È una casa semplice, come lo sguardo pulito di questo artista che ci accoglie come se fossimo vecchi amici. Ci mostra lo studio di registrazione dove insieme a Saturnino e a Pier Foschi ha registrato il suo nuovo lavoro, "Il quinto mondo". Ci racconta l'album con l'entusiasmo di un bambino che ha appena ricevuto in dono un giocattolo nuovo da mostrare con orgoglio ai suoi compagni. È felice Lorenzo. Sarà colpa del cielo, che qui è di un azzurro intenso, o dei tramonti, che rosseggiano sull'orizzonte sfumando anche i sogni di chi li guarda.
È lui stesso che ci spiega passo dopo passo tutte le canzoni del suo album. Poi ci invita in cortile dove ha preparato una bella colazione con pane e marmellata, caffè, latte e succhi di frutta. Intanto sono le 11. Il sole ormai ha già vinto la sua battaglia con la nebbia lasciando spazio a refoli di vento che portano da nord odori di Umbria e da sud quelli di Toscana. Pinocchio e Chitarrina, i due cani di Lorenzo girano per il giardino elemosinando qualche briciola di pane, poi si stendono al sole. «Volete vedere la mia casa?» ci chiede Lorenzo sorridendo e aggiunge: «Dai, venite che facciamo come quando ci vengono a trovare i parenti che gli si mostra la dimora».
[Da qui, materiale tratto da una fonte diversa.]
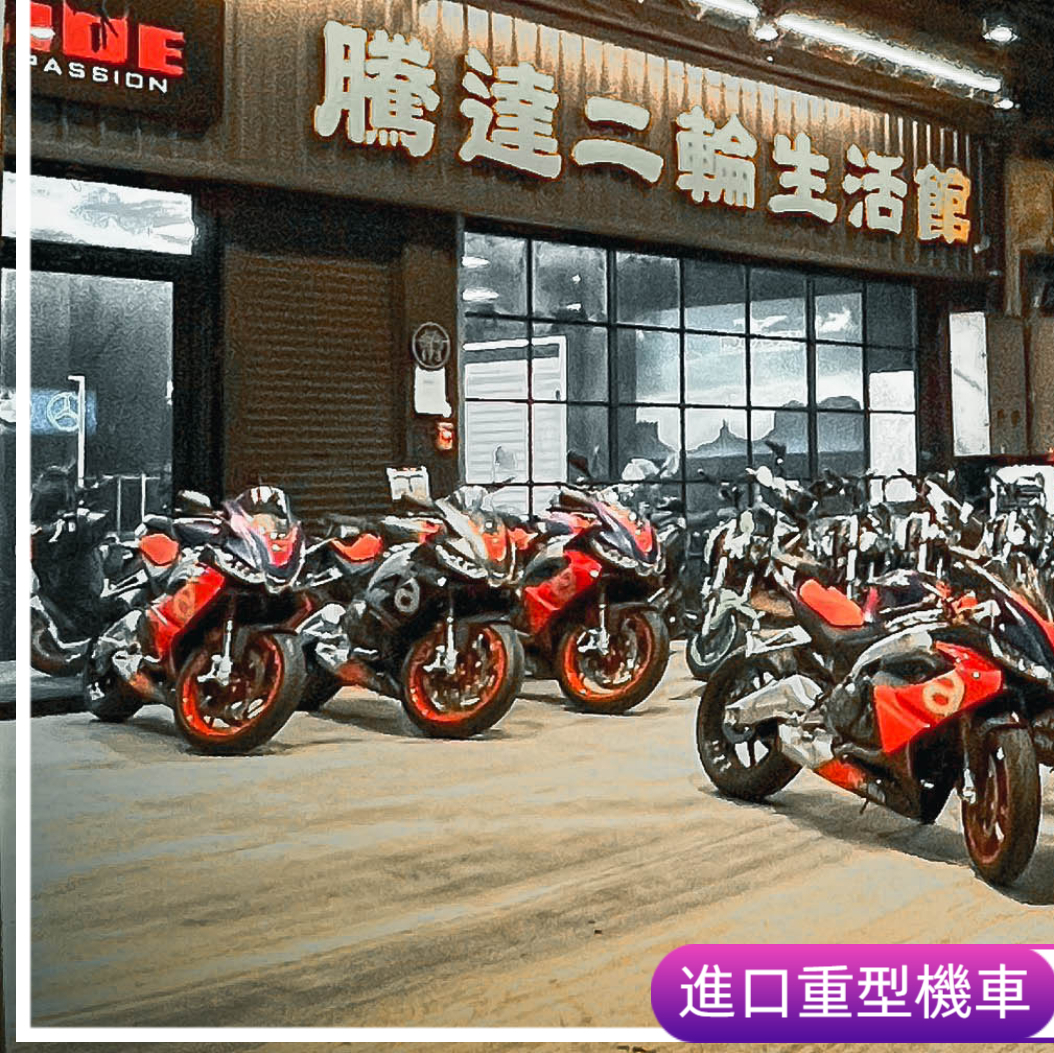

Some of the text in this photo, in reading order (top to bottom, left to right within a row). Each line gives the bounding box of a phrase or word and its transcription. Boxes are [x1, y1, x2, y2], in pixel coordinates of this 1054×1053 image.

[313, 19, 972, 244] 騰達二輪生活館
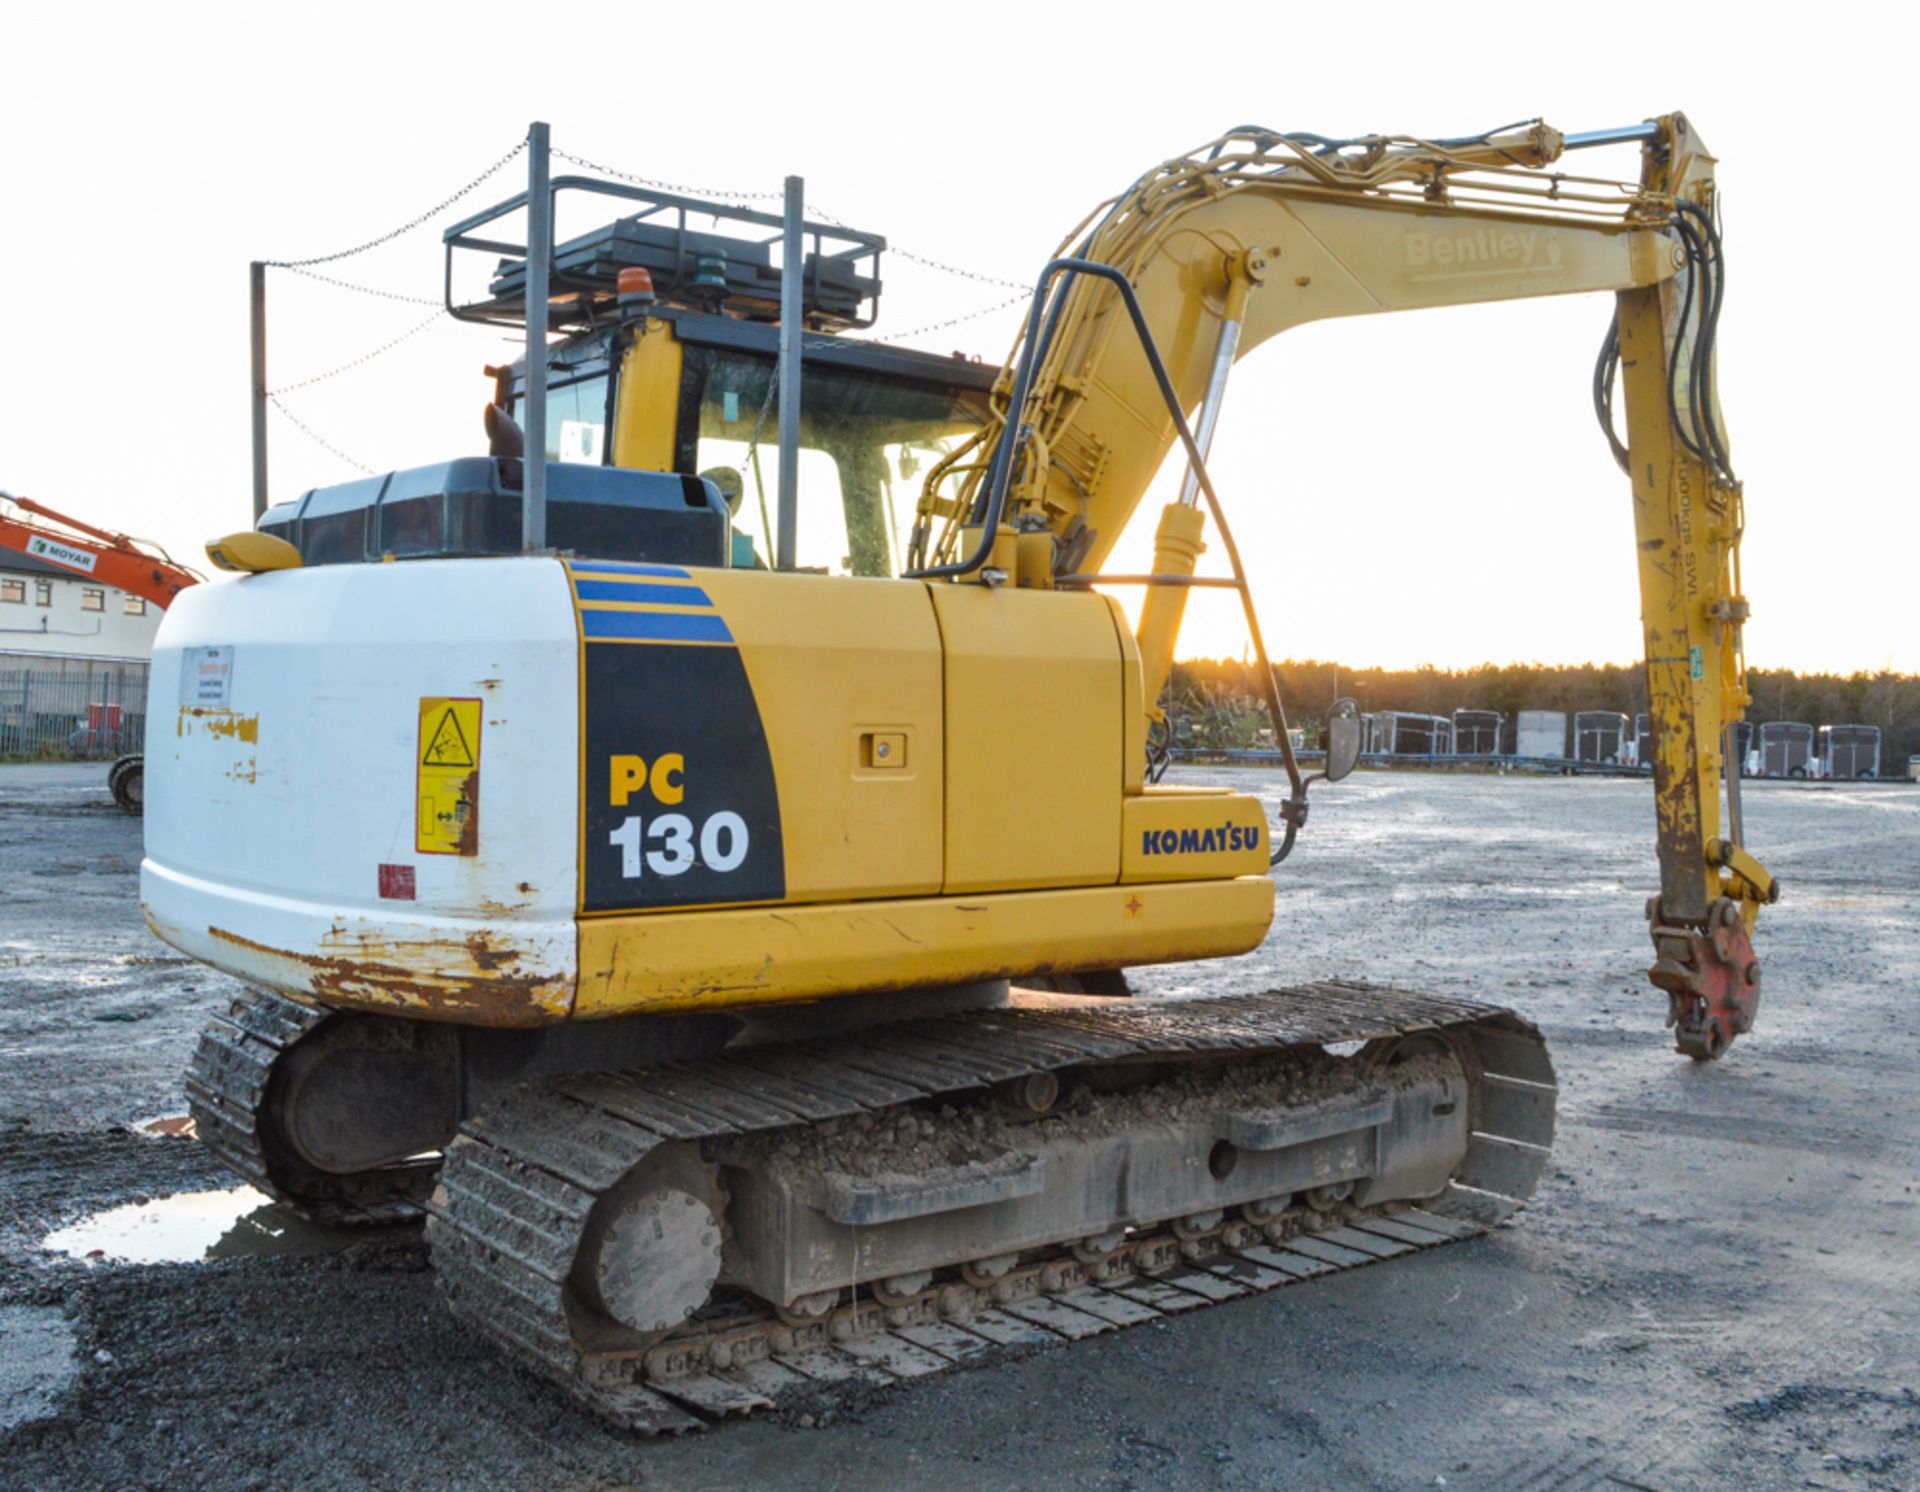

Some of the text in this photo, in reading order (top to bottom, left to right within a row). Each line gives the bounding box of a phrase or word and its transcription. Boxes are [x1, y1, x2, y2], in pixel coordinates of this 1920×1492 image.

[1405, 228, 1536, 266] Bentley
[49, 546, 91, 566] MOYAR
[1685, 552, 1698, 596] SWL
[610, 752, 684, 806] PC
[609, 810, 749, 878] 130
[1143, 821, 1259, 855] KOMATSU
Entriamo in casa e Jovanotti ci fa vedere la stanza dove si allena quando va in bicicletta, la cucina, il salotto. Le foto della piccola Teresa sono in bella mostra sul mobile all'ingresso. Una grande scala dà l'accesso ai piani superiori. Saliamo le scale e al secondo piano ci sono le stanze da letto. Infine all'ultimo piano si apre una stanza a cielo aperto stracolma di tante cose: uno stereo, dei dischi, tante immagini sacre da cui Lorenzo è affascinato, tele e colori. Nella parte in fondo alla stanza spicca l'immagine di una grossa tigre. «L'ho dipinto io quando è nata Teresa - dice Lorenzo - nell'astrologia cinese lei è nata sotto il segno della tigre, io invece sono un cavallo». C'è anche un telescopio... «Lo uso ma tanto non ci capisco nulla», si schermisce Jova.
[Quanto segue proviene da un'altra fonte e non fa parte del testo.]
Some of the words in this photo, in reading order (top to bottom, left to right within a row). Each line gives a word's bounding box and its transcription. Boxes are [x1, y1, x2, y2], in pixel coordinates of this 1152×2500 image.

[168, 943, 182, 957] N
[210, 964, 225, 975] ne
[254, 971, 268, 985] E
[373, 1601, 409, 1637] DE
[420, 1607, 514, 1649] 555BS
Si capisce subito che quello è il suo regno, il suo angolo di cielo ed è anche comprensibile visto il panorama che ci si apre di fronte agli occhi. Quello che colpisce di più è la semplicità di questa casa. Non c'è l'ostentazione che si potrebbe immaginare a casa di un cantante famoso, c'è soltanto semplicità. Una semplicità genuina: nell'arredamento, nelle tovaglie a quadretti poggiate sul tavolo della cucina, nei quadri appesi al muro, nelle fotografie, nel corridoio dove sembrano ancora riecheggiare le voci di mamma e papà Cherubini, di un Lorenzo bambino, delle prime parole pronunciate da Teresa, del dolce sorriso di Francesca. Quando usciamo in giardino la sensazione che ci assale è strana, per un attimo ci eravamo dimenticati di essere a casa di Lorenzo. Per un momento ci siamo sentiti in famiglia.